The playground at Discovery School is currently being held together with duct tape. The school is looking for public votes to win them a $100,000 grant from BCAA.                                 Photo submitted

The playground at Discovery School is currently being held together with duct tape. The school is looking for public votes to win them a $100,000 grant from BCAA. Photo submitted

Discovery School has chance to replace playground

Duct taped climber and bowed swings a sad sight

When the students of Discovery School head out to their playground, they are careful to avoid the sections of the monkey bars that are held together with purple duct tape.

“We inherited the playground from the previous owners of the school when we bought the building in 2010,” explained school principal Sherri Ko.

“The swings are rusty and a little unstable as well, and in general the playground is in pretty bad shape.”
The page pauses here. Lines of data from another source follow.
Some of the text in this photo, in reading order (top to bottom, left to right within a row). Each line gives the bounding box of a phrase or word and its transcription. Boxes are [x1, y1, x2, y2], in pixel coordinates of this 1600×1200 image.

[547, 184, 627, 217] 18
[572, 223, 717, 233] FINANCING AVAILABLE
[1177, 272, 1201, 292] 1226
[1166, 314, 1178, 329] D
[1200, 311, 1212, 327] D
Beyond that, one of the cables holding the climbing net has snapped, making it unusable. There are currently only four swings and the top bar is starting to bow when all four seats are in use.

It’s a situation that has the children, staff and parent volunteers at the school doubly excited about their recent shortlisting as one of 10 schools in the running for $100,000 in funding from the BCAA’s Play Here Program. That’s a program that annually invites schools in need of playgrounds to apply for funds to upgrade and renovate their play equipment.

As one might expect, hundreds of schools apply for the grant, but it’s only the top 10 applications, chosen by the BCAA, that are eligible for the funding. The shortlist was announced on May 25 and the public is now invited to vote (online) for the most deserving school.

The three schools receiving the most votes will receive up to $100,000 for the revitalization of their play structure.

According to Jeanine Woodman, the school’s volunteer fundraising chairperson, the parents and interested community members and supporters have been trying their best to address the poor playground equipment for years. The parent support group has been raising money and currently has $5,000 set aside to replace the swing set by March 2019.

But with only 75 students and 25 staff members in the school, it’s the very nature of Discovery School that makes the generation of funds a challenge. The school’s very small enrolment means that there are far fewer parents and volunteers available to raise funds for any project.

“We’re a very special school with only 75 students, all of whom have a special designation of some sort. These are students who have a broad range of challenges that make the regular public school system a poor fit,” said Ko.

“These young people are in need of some modifications and adaptations to their learning environment in order to make their education a success.”

While it operates as an independent school, Discovery School is certified by the Ministry of Education as a class 1 school, which means that they follow the public school curriculum and, while they do receive some public funding, the funding level is below the level of public school students.

That fact notwithstanding, the school manages to provide specialized programming that Ko explained has managed to graduate children who otherwise might not have succeeded in their education. Many of those young people go on to post secondary education.

“Beyond fundraising, you can imagine that with less than 80 students we’re at a distinct disadvantage in a situation where we’re trying to get votes to earn us the BCAA grant. In order to have a chance against much larger schools, we have to engage the entire community, including people who have no children in the school,” said Woodman.

Woodman is asking that everyone takes the time to visit and cast a vote for Discovery School. Voting continues to June 17.

“These are a very special group of students who deserve a break. We’re the only school in Victoria to make the top 10 list and there are no young people in greater need or more deserving of the community’s support,” said Woodman.